Data excerpts:
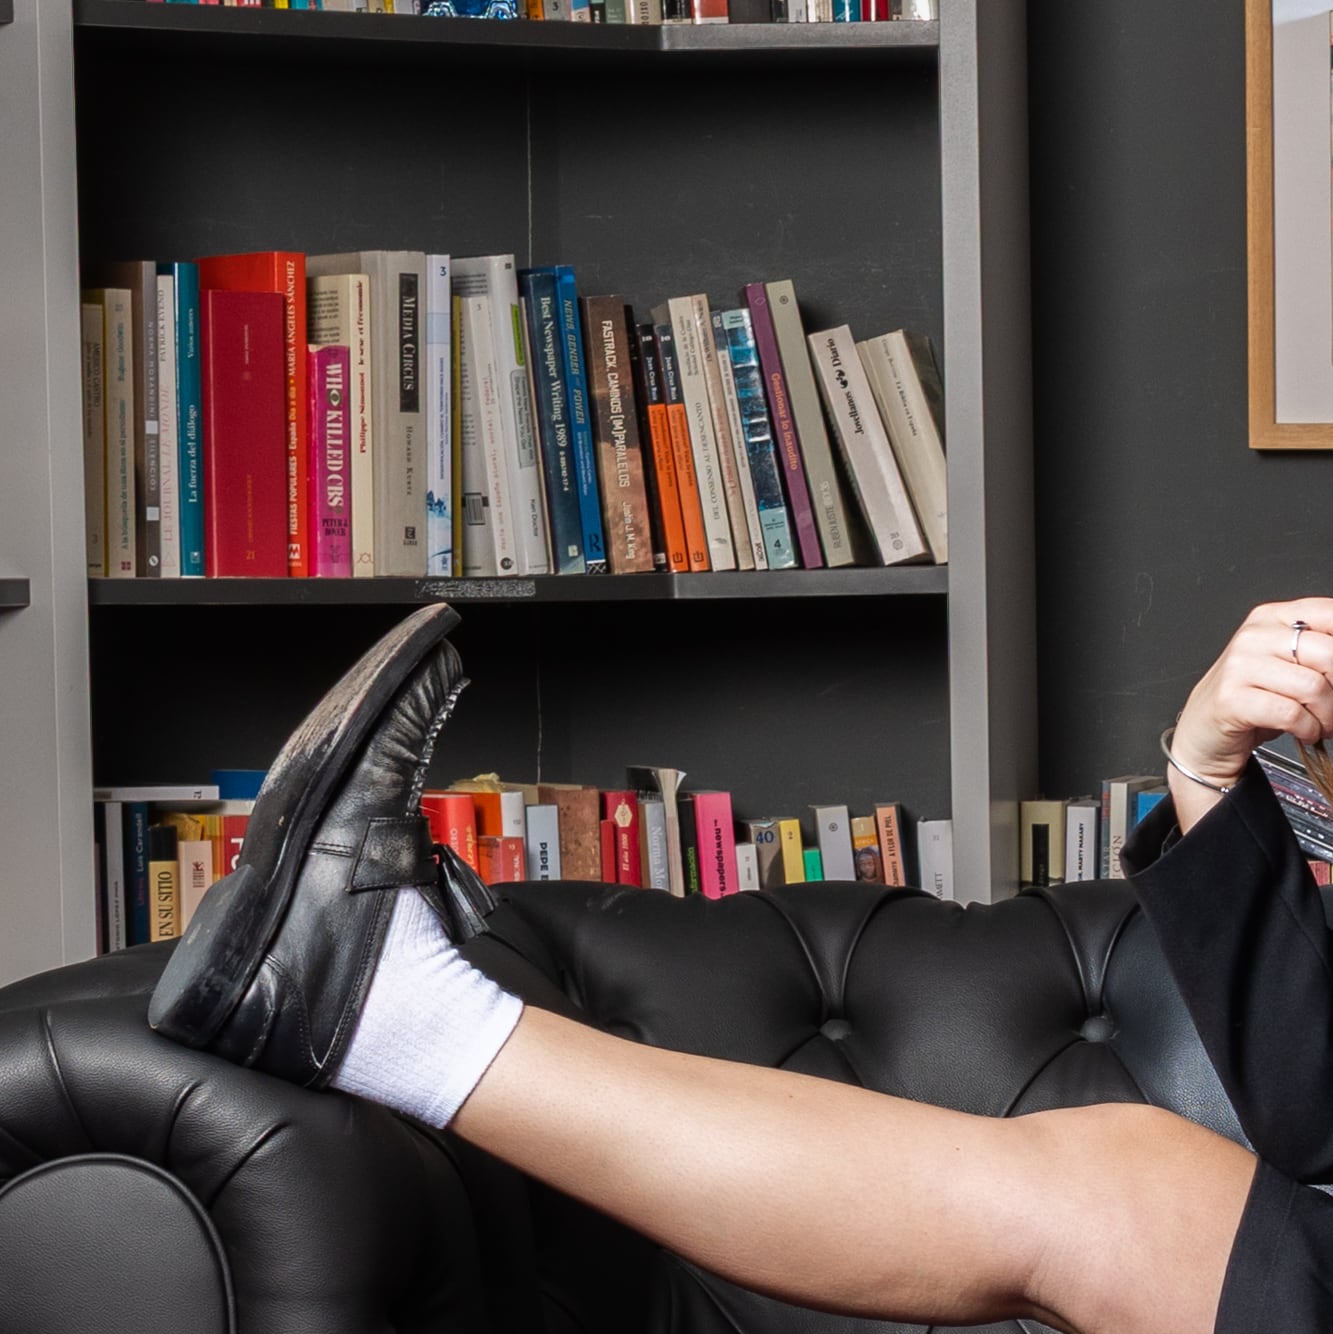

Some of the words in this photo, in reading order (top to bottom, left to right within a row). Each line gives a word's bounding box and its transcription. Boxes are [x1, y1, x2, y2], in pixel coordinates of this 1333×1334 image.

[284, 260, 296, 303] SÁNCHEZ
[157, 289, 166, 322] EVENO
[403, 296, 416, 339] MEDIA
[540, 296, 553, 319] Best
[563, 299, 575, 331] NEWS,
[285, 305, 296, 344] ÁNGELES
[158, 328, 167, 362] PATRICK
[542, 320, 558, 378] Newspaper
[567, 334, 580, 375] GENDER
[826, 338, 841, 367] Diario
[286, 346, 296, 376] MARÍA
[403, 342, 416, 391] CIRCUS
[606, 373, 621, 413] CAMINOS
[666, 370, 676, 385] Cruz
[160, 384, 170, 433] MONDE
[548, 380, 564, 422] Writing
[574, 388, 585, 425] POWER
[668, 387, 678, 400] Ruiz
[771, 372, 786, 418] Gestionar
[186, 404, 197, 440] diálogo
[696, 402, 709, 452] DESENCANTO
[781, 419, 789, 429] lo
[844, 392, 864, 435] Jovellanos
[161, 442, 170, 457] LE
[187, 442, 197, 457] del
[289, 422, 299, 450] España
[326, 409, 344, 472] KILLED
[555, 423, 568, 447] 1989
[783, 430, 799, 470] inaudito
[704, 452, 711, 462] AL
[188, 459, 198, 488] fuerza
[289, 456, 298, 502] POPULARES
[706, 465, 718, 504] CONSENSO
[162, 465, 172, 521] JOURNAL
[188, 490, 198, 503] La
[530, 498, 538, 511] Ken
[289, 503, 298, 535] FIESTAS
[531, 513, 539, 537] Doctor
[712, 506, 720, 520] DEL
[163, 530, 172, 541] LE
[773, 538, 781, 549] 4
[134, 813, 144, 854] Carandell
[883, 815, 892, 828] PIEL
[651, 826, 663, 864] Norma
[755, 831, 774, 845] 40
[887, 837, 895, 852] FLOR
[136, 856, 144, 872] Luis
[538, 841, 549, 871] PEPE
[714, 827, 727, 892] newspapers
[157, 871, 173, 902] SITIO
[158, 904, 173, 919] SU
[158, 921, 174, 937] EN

Task goal: All entries must come back exactly as written, though without their pictures.

Result:
Some of the words in this photo, in reading order (top to bottom, left to right within a row). Each line gives a word's bounding box and its transcription. Boxes are [x1, y1, x2, y2], in pixel coordinates of this 1333×1334 image.

[284, 260, 296, 303] SÁNCHEZ
[157, 289, 166, 322] EVENO
[403, 296, 416, 339] MEDIA
[540, 296, 553, 319] Best
[563, 299, 575, 331] NEWS,
[285, 305, 296, 344] ÁNGELES
[158, 328, 167, 362] PATRICK
[542, 320, 558, 378] Newspaper
[567, 334, 580, 375] GENDER
[826, 338, 841, 367] Diario
[286, 346, 296, 376] MARÍA
[403, 342, 416, 391] CIRCUS
[606, 373, 621, 413] CAMINOS
[666, 370, 676, 385] Cruz
[160, 384, 170, 433] MONDE
[548, 380, 564, 422] Writing
[574, 388, 585, 425] POWER
[668, 387, 678, 400] Ruiz
[771, 372, 786, 418] Gestionar
[186, 404, 197, 440] diálogo
[696, 402, 709, 452] DESENCANTO
[781, 419, 789, 429] lo
[844, 392, 864, 435] Jovellanos
[161, 442, 170, 457] LE
[187, 442, 197, 457] del
[289, 422, 299, 450] España
[326, 409, 344, 472] KILLED
[555, 423, 568, 447] 1989
[783, 430, 799, 470] inaudito
[704, 452, 711, 462] AL
[188, 459, 198, 488] fuerza
[289, 456, 298, 502] POPULARES
[706, 465, 718, 504] CONSENSO
[162, 465, 172, 521] JOURNAL
[188, 490, 198, 503] La
[530, 498, 538, 511] Ken
[289, 503, 298, 535] FIESTAS
[531, 513, 539, 537] Doctor
[712, 506, 720, 520] DEL
[163, 530, 172, 541] LE
[773, 538, 781, 549] 4
[134, 813, 144, 854] Carandell
[883, 815, 892, 828] PIEL
[651, 826, 663, 864] Norma
[755, 831, 774, 845] 40
[887, 837, 895, 852] FLOR
[136, 856, 144, 872] Luis
[538, 841, 549, 871] PEPE
[714, 827, 727, 892] newspapers
[157, 871, 173, 902] SITIO
[158, 904, 173, 919] SU
[158, 921, 174, 937] EN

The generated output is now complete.